> TASK INSTRUCTIONS
Word for word, restate the records that come next, omitting the images.

Dataset entries
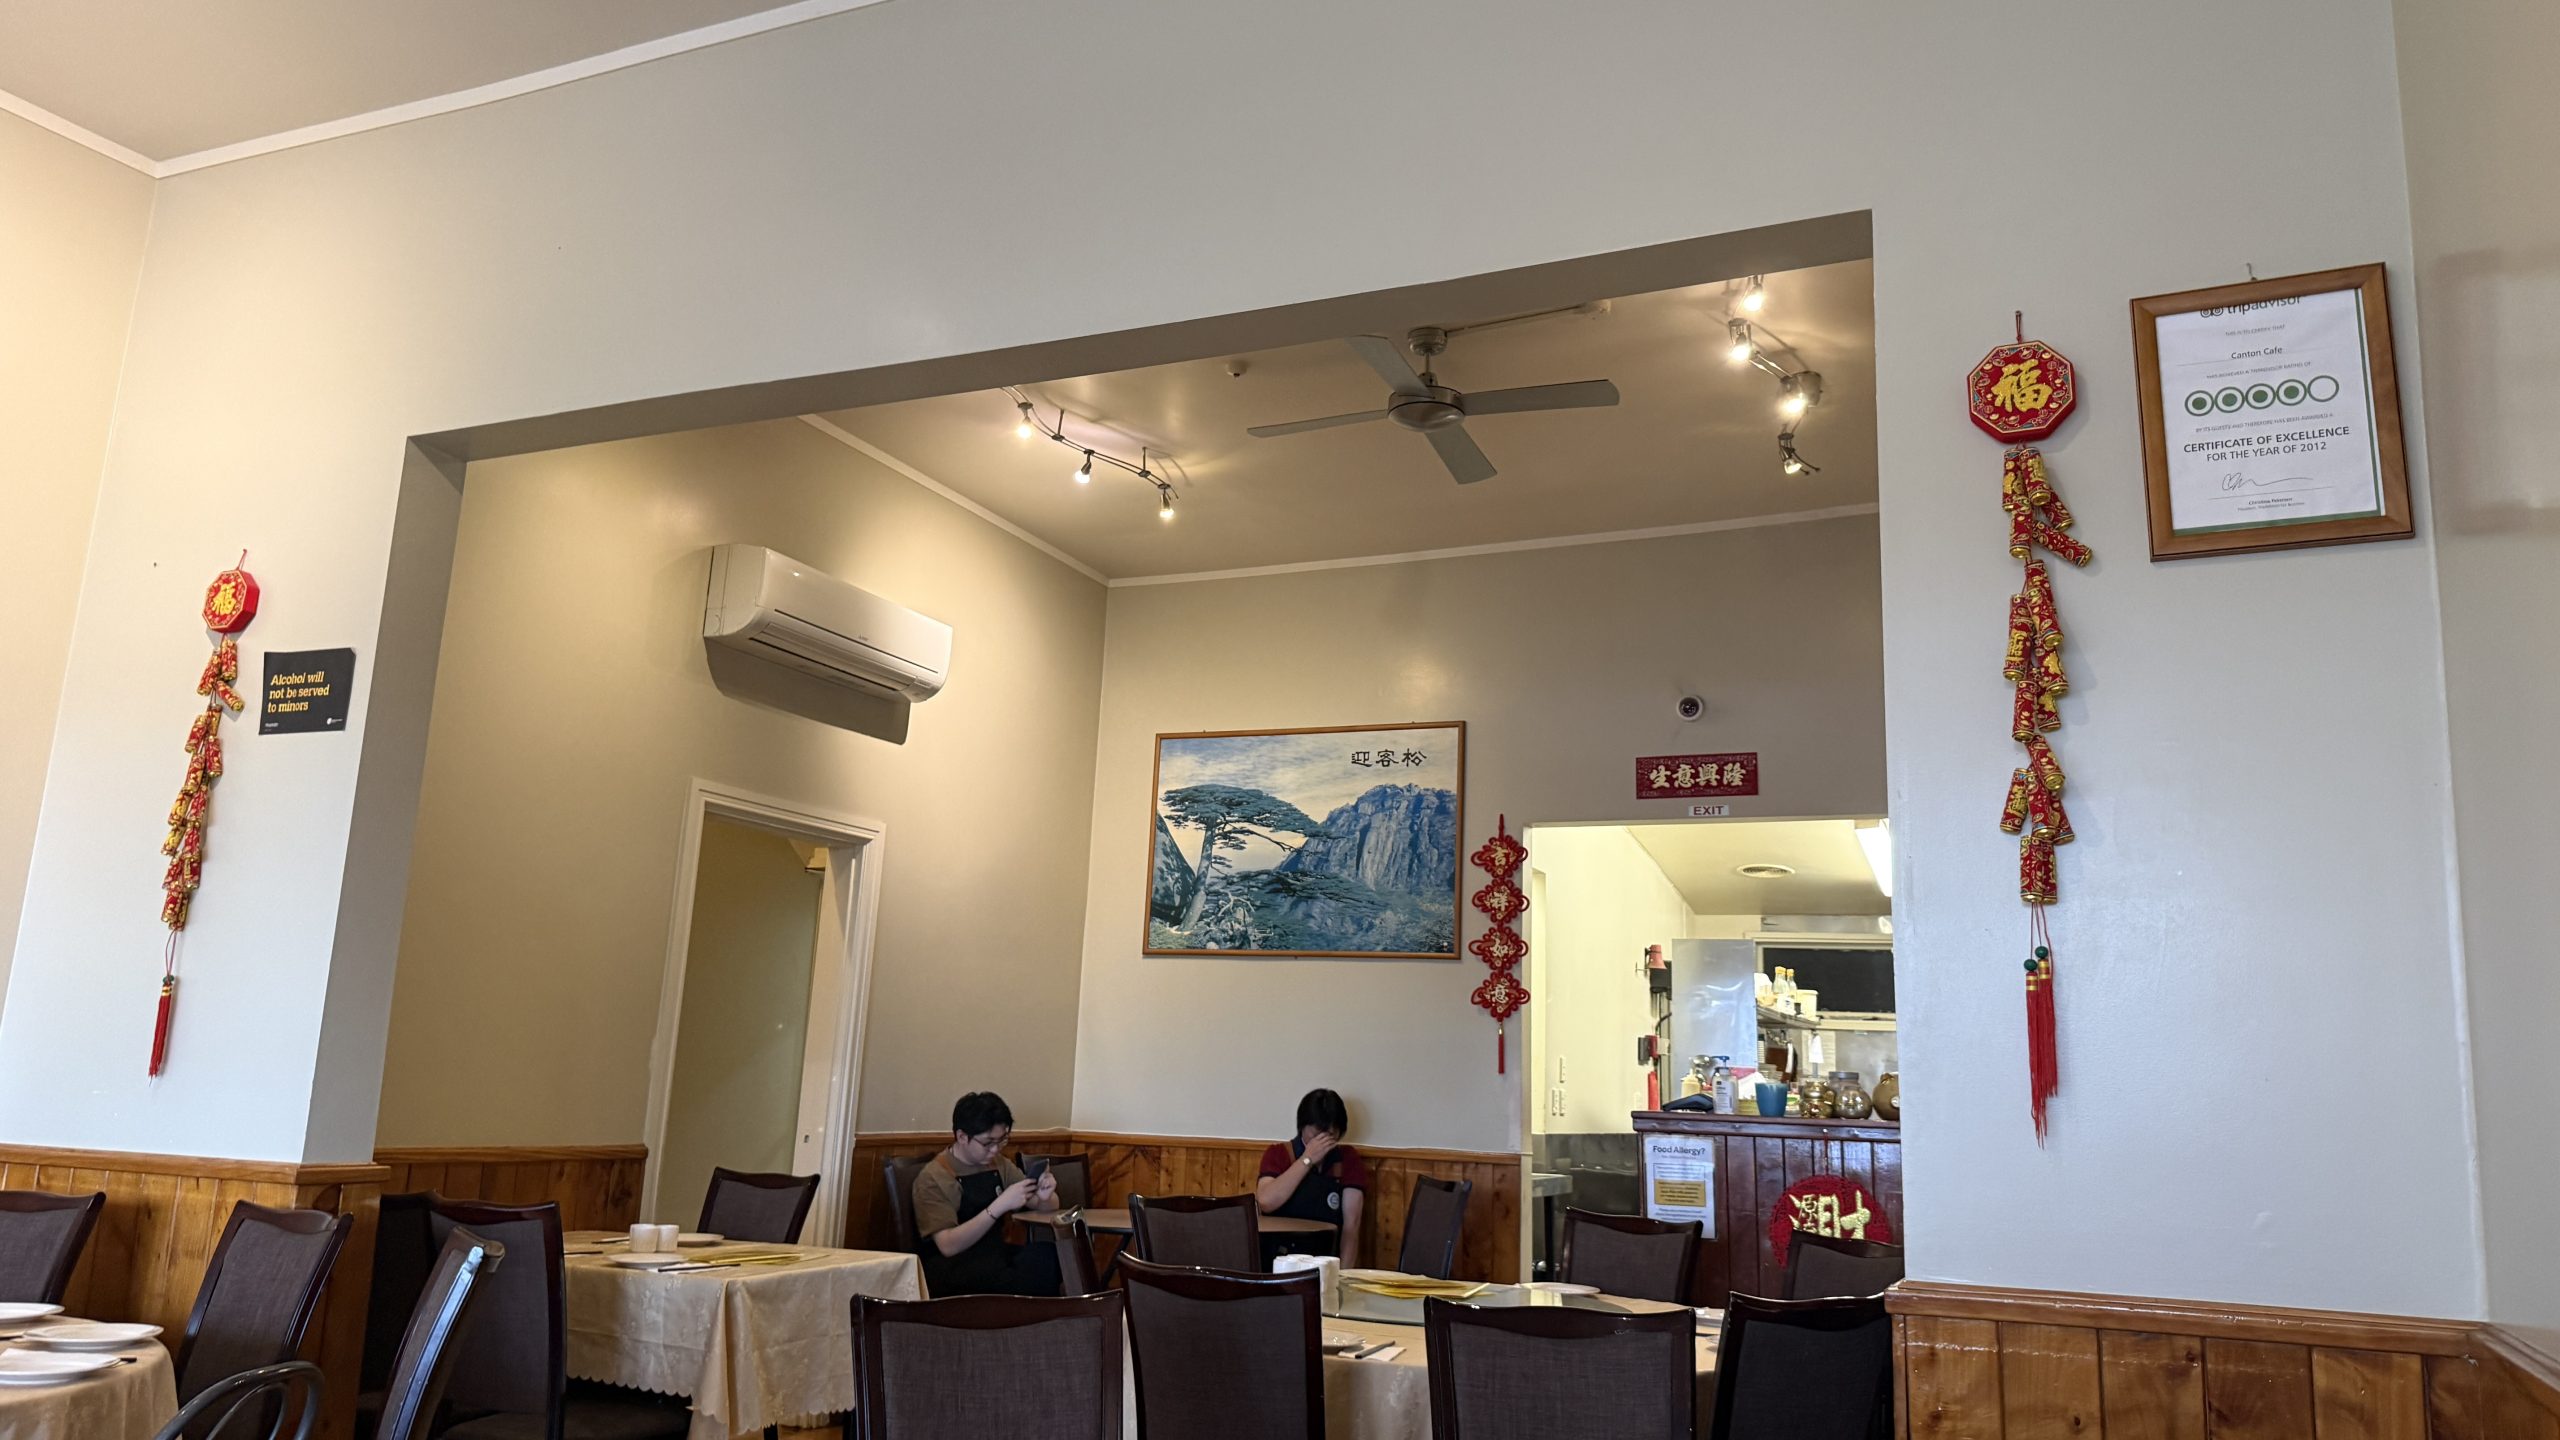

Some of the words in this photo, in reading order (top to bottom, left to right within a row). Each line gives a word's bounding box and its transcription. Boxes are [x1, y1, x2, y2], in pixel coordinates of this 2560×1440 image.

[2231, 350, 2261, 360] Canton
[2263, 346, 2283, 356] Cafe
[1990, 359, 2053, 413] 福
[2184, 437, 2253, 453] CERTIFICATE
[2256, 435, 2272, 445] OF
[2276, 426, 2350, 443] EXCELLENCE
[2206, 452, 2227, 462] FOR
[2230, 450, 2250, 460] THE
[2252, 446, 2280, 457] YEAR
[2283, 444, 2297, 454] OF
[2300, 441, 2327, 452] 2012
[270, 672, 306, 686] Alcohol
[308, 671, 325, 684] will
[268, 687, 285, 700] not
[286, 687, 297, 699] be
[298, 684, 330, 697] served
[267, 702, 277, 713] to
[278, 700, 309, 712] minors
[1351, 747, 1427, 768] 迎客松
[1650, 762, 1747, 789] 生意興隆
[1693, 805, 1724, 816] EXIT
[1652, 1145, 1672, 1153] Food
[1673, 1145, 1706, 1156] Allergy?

> THE ANSWER
Some of the words in this photo, in reading order (top to bottom, left to right within a row). Each line gives a word's bounding box and its transcription. Boxes are [x1, y1, x2, y2], in pixel coordinates of this 2560×1440 image.

[2231, 350, 2261, 360] Canton
[2263, 346, 2283, 356] Cafe
[1990, 359, 2053, 413] 福
[2184, 437, 2253, 453] CERTIFICATE
[2256, 435, 2272, 445] OF
[2276, 426, 2350, 443] EXCELLENCE
[2206, 452, 2227, 462] FOR
[2230, 450, 2250, 460] THE
[2252, 446, 2280, 457] YEAR
[2283, 444, 2297, 454] OF
[2300, 441, 2327, 452] 2012
[270, 672, 306, 686] Alcohol
[308, 671, 325, 684] will
[268, 687, 285, 700] not
[286, 687, 297, 699] be
[298, 684, 330, 697] served
[267, 702, 277, 713] to
[278, 700, 309, 712] minors
[1351, 747, 1427, 768] 迎客松
[1650, 762, 1747, 789] 生意興隆
[1693, 805, 1724, 816] EXIT
[1652, 1145, 1672, 1153] Food
[1673, 1145, 1706, 1156] Allergy?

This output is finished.